6) In mancanza di forze politiche antisistemiche che si pongano su questo piano, la reazione anti-euro e anti-UE verrà egemonizzata da forze reazionarie che non si pongono realmente su un piano antisistemico.
Questi punti fondamentali ci sembrano confermati da tutte le vicende recenti, dalla Grecia all’Austria all’Inghilterra. Purtroppo, la possibilità che abbiamo indicato al punto 5) è rimasta tale: non è sorta una autentica forza politica antisistemica. In questo modo si è realizzata la previsione di cui al punto 6): ormai lo spazio politico della lotta contro euro/UE è stato occupato da forze politiche di destra che non esprimono convincenti posizioni antisistemiche, e anzi spesso esprimono posizioni liberiste (e magari razziste). Le forze anticapitalistiche hanno perso un’occasione storica, dimostrando la propria essenziale inutilità. Naturalmente, sappiamo bene che non tutti sono uguali, e che nell’ambito dell’estrema sinistra alcuni hanno espresso posizioni molto sensate, come abbiamo documentato nel nostro blog: ci basti qui citare il gruppo di “Sollevazione”; quello di “Contropiano”, singole personalità come Giorgio Cremaschi, Ugo Boghetta, Mimmo Porcaro.
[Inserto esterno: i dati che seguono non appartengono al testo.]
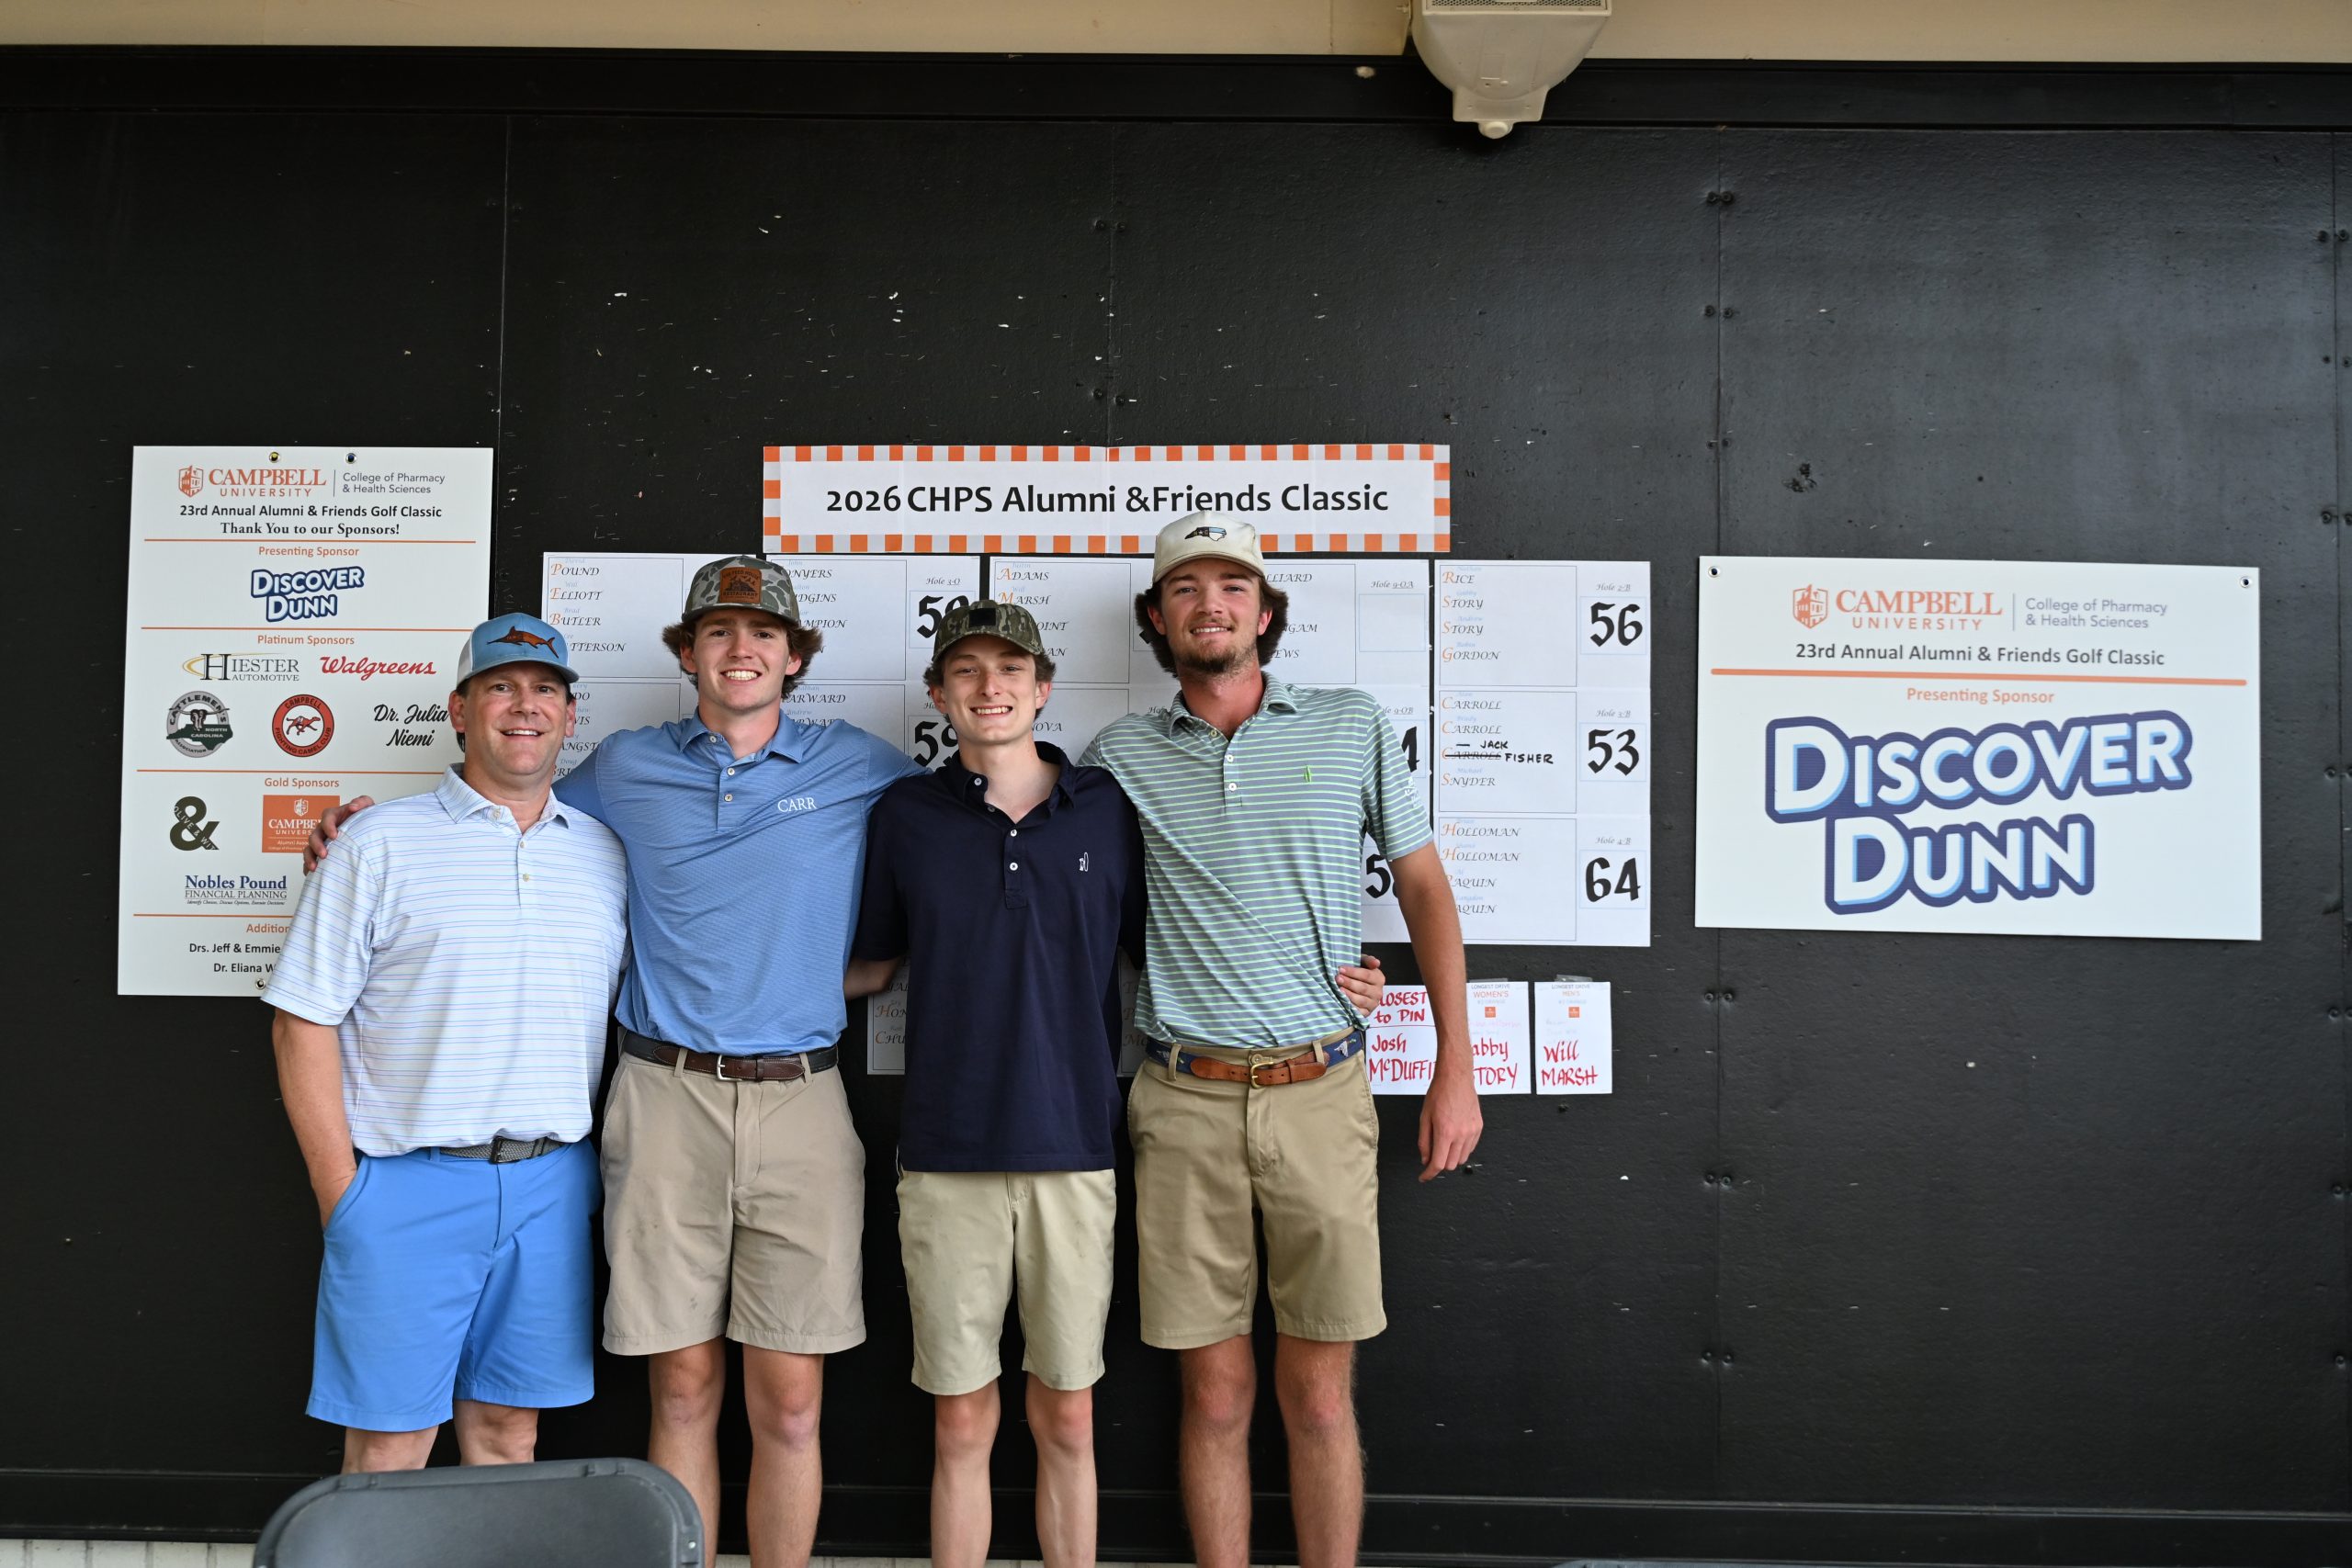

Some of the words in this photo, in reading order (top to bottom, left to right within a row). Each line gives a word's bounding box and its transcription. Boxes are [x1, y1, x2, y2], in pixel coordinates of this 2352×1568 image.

[209, 468, 327, 487] CAMPBELL
[343, 472, 381, 483] College
[384, 472, 395, 482] of
[397, 473, 446, 485] Pharmacy
[220, 488, 312, 497] UNIVERSITY
[343, 484, 352, 494] &
[354, 484, 394, 493] Health
[396, 484, 432, 494] Sciences
[827, 484, 901, 512] 2026
[907, 486, 992, 513] CHPS
[1001, 484, 1115, 513] Alumni
[1281, 483, 1388, 512] Classic
[179, 504, 209, 516] 23rd
[211, 505, 255, 516] Annual
[259, 505, 304, 517] Alumni
[308, 505, 318, 517] &
[322, 505, 368, 517] Friends
[370, 505, 398, 517] Golf
[401, 506, 442, 517] Classic
[220, 522, 262, 535] Thank
[266, 523, 290, 535] You
[294, 525, 307, 535] to
[311, 525, 334, 535] our
[337, 524, 401, 538] Sponsors!
[258, 546, 314, 557] Presenting
[316, 547, 360, 558] Sponsor
[550, 563, 600, 576] POUND
[786, 569, 832, 579] ONYERS
[997, 567, 1050, 581] ADAMS
[252, 567, 365, 597] DISCOVER
[926, 577, 945, 586] Hole
[1266, 573, 1313, 582] LLIARD
[1442, 571, 1476, 584] RICE
[1370, 581, 1391, 589] Hole
[1596, 582, 1615, 591] Hole
[549, 587, 605, 600] ELLIOTT
[795, 594, 837, 604] DGINS
[997, 592, 1052, 604] MARSH
[267, 594, 337, 621] DUNN
[1442, 595, 1484, 610] STORY
[1836, 589, 2003, 615] CAMPBELL
[2025, 597, 2078, 614] College
[2083, 598, 2098, 612] of
[2101, 599, 2168, 616] Pharmacy
[549, 613, 602, 626] BUTLER
[1589, 601, 1643, 647] 56
[1852, 616, 1983, 631] UNIVERSITY
[2025, 614, 2037, 626] &
[2041, 614, 2086, 626] Health
[2090, 615, 2149, 629] Sciences
[1038, 622, 1069, 632] OINT
[1442, 621, 1484, 636] STORY
[256, 635, 305, 646] Platinum
[307, 636, 355, 647] Sponsors
[569, 642, 628, 652] TTERSON
[1442, 646, 1501, 662] GORDON
[1795, 643, 1836, 659] 23rd
[1840, 644, 1903, 660] Annual
[1908, 645, 1973, 660] Alumni
[1977, 647, 1992, 661] &
[1996, 648, 2062, 663] Friends
[2066, 648, 2103, 665] Golf
[2107, 649, 2165, 666] Classic
[200, 653, 300, 681] HIESTER
[320, 656, 436, 681] Walgreens
[232, 673, 300, 682] AUTOMOTIVE
[284, 696, 322, 709] CAMPBELL
[784, 694, 845, 704] ARWARD
[1441, 696, 1502, 710] CARROLL
[1906, 687, 1988, 705] Presenting
[1992, 688, 2055, 706] Sponsor
[374, 704, 399, 722] Dr.
[403, 704, 448, 725] Julia
[1596, 709, 1615, 717] Hole
[1441, 720, 1502, 734] CARROLL
[275, 727, 298, 753] FIGHTING
[298, 745, 322, 755] CAMEL
[319, 727, 332, 747] CLUB
[386, 729, 435, 747] Niemi
[1480, 740, 1509, 750] JACK
[1401, 726, 1420, 773] 4
[1588, 728, 1639, 776] 53
[1505, 752, 1554, 764] FISHER
[1769, 713, 2190, 818] DISCOVER
[265, 777, 288, 787] Gold
[291, 778, 340, 789] Sponsors
[1441, 773, 1496, 787] SNYDER
[777, 796, 818, 812] CARR
[174, 805, 195, 830] OLIVE
[268, 818, 322, 829] CAMPBE
[1441, 822, 1521, 837] HOLLOMAN
[1596, 836, 1615, 844] Hole
[1440, 846, 1521, 862] HOLLOMAN
[1828, 814, 2091, 910] DUNN
[185, 874, 235, 888] Nobles
[240, 875, 287, 889] Pound
[1364, 853, 1398, 898] 5
[1585, 856, 1641, 903] 64
[185, 890, 235, 898] FINANCIAL
[237, 890, 288, 899] PLANNING
[1456, 904, 1498, 915] AQUIN
[189, 943, 209, 953] Drs.
[212, 943, 231, 953] Jeff
[233, 943, 243, 953] &
[245, 944, 281, 953] Emmie
[213, 963, 228, 972] Dr.
[232, 964, 262, 973] Eliana
[1378, 990, 1428, 1007] LOSEST
[1473, 990, 1510, 998] WOMEN'S
[1374, 1010, 1392, 1023] to
[1398, 1009, 1426, 1023] PIN
[1372, 1032, 1407, 1054] Josh
[1472, 1037, 1510, 1063] abby
[1543, 1040, 1579, 1063] Will
[1369, 1059, 1437, 1083] McDUFFI
[1473, 1062, 1518, 1089] TORY
[1541, 1065, 1599, 1088] MARSH
Il fatto che, nonostante tutti gli sforzi e tutta l’intelligenza profusa dalle persone e organizzazioni appena nominate, i risultati pratici siano pressoché nulli, è indice di come simili posizioni siano in sostanza irricevibili, nell’ambiente della sinistra più o meno radicale. Non si tratta a mio avviso di semplici errori di analisi, ma della natura più profonda di un intero ambiente politico e culturale, che si ammanta di radicalità ma in sostanza trae la propria ragion d’essere non da una autentica spinta al mutamento sociale ma da meccanismi di riconoscimento identitario e tribale.
Comunque sia, ormai il danno è fatto ed è sostanzialmente irrimediabile. La battaglia politica più importante dell’immediato futuro, in relazione a euro/UE, è rappresentata dalle elezioni presidenziali francesi, e la sfida, con ogni probabilità, sarà fra un esponente dell’establishment e Marine Le Pen. La sinistra antisistemica, come sempre, potrà solo scegliere fra andare in aiuto all’establishment (in nome di antifascismo antirazzismo ecc.ecc.), oppure stare alla finestra a guardare Marine Le Pen combattere la battaglia che avrebbe dovuto essere la sua.
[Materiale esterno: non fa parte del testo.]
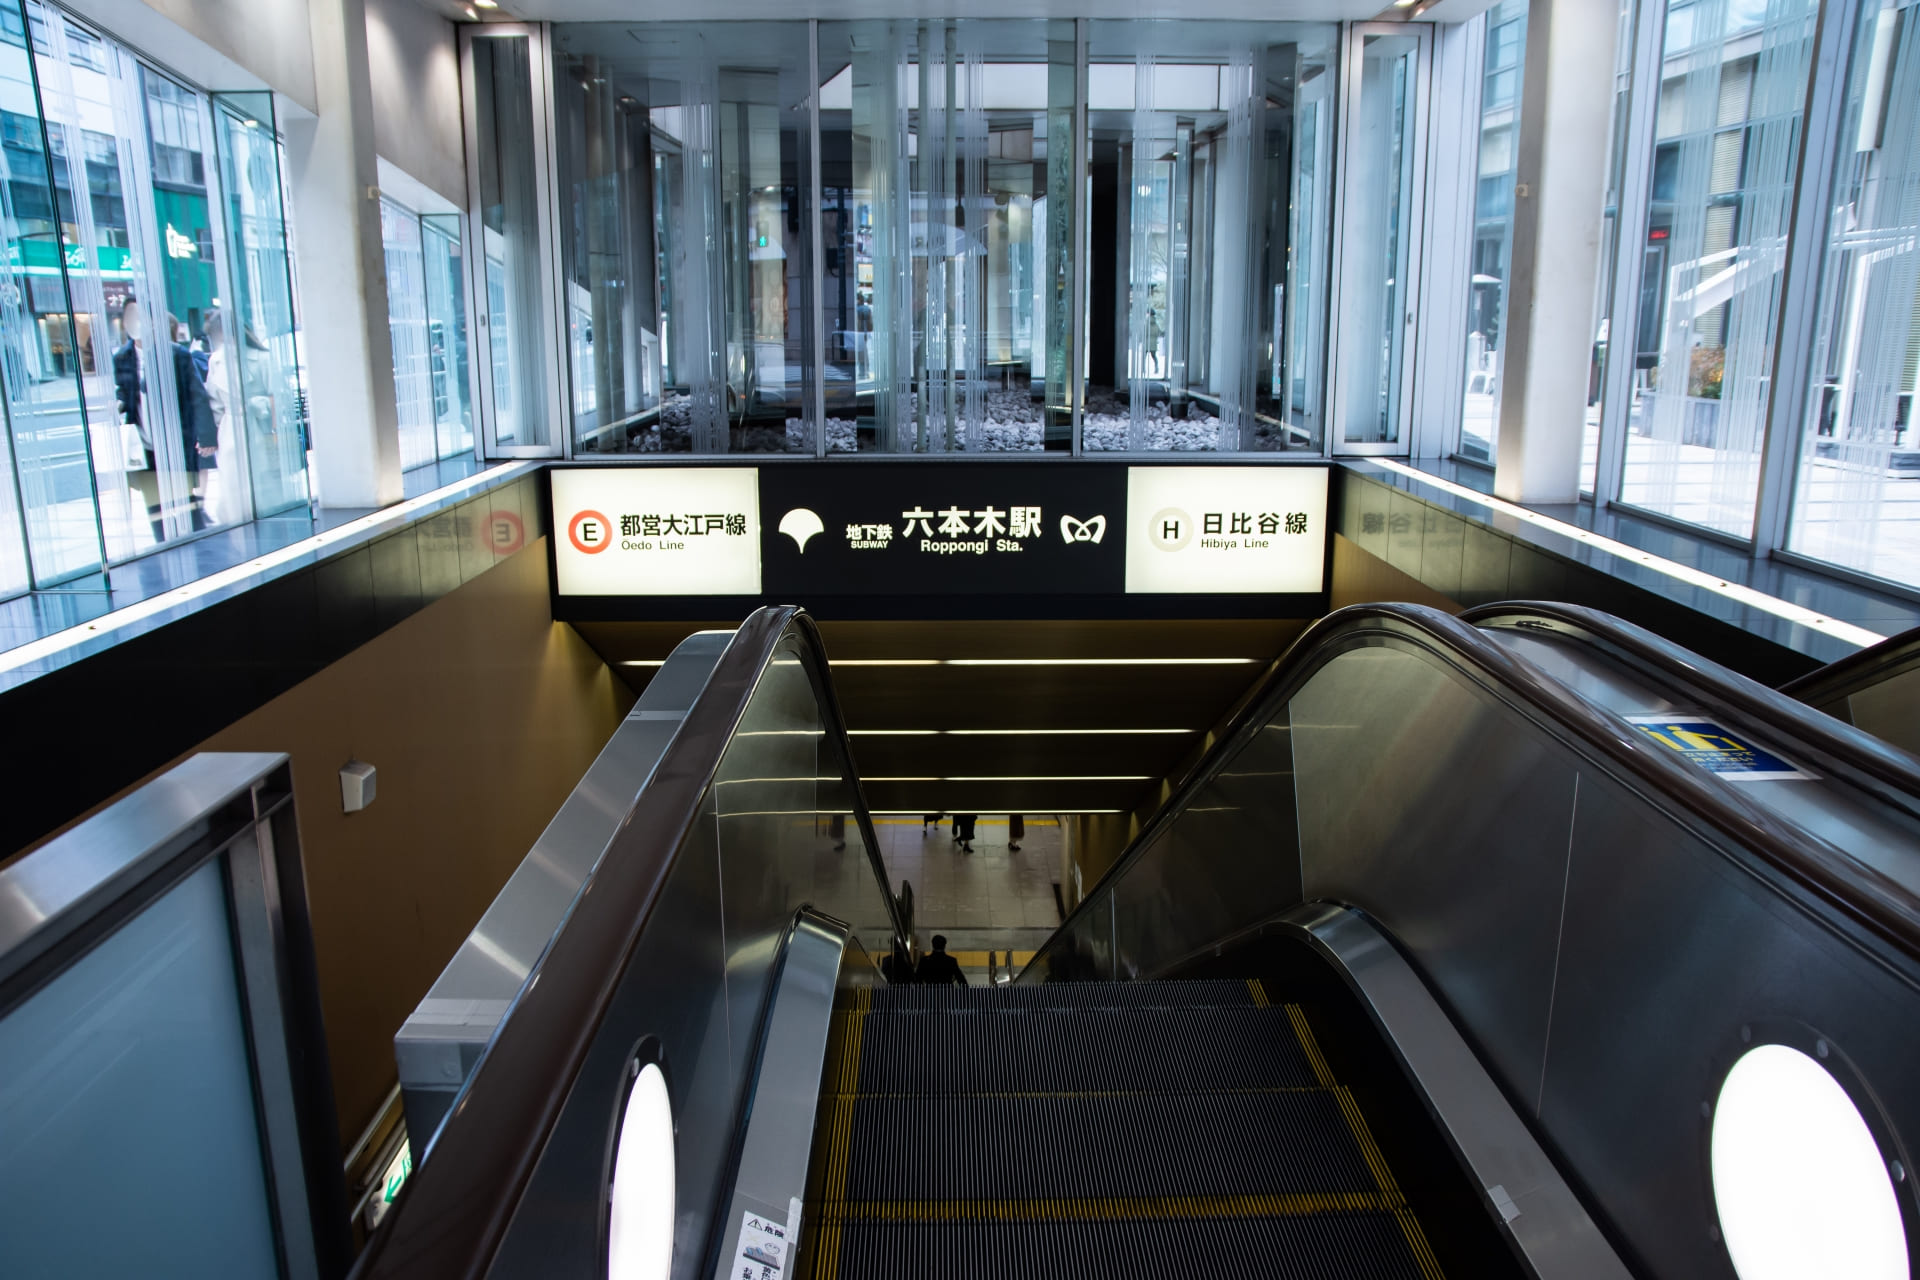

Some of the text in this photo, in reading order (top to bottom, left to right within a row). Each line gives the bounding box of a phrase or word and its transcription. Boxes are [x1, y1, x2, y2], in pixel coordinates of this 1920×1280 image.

2. Rabbiosi difensori del nulla
Aggiungo due parole a proposito dello spettacolo dell’intellighentzia di sinistra che sputa rabbia sul popolo inglese che osa votare “Leave”. Non voglio insistere sul senso di disgusto generato dai tanti articoli razzisti e offensivi che mi è capitato di leggere. Su questo molti hanno già scritto. Vorrei fare un’altra considerazione. Non sono per principio contrario alle élite, quindi non ho problemi a pensare che un intellettuale, ancorché di sinistra, si senta parte di una élite distaccata dal popolo. Il vero problema è quale idea di futuro hanno in mente le élite, e come pensano ragionevolmente di arrivarci.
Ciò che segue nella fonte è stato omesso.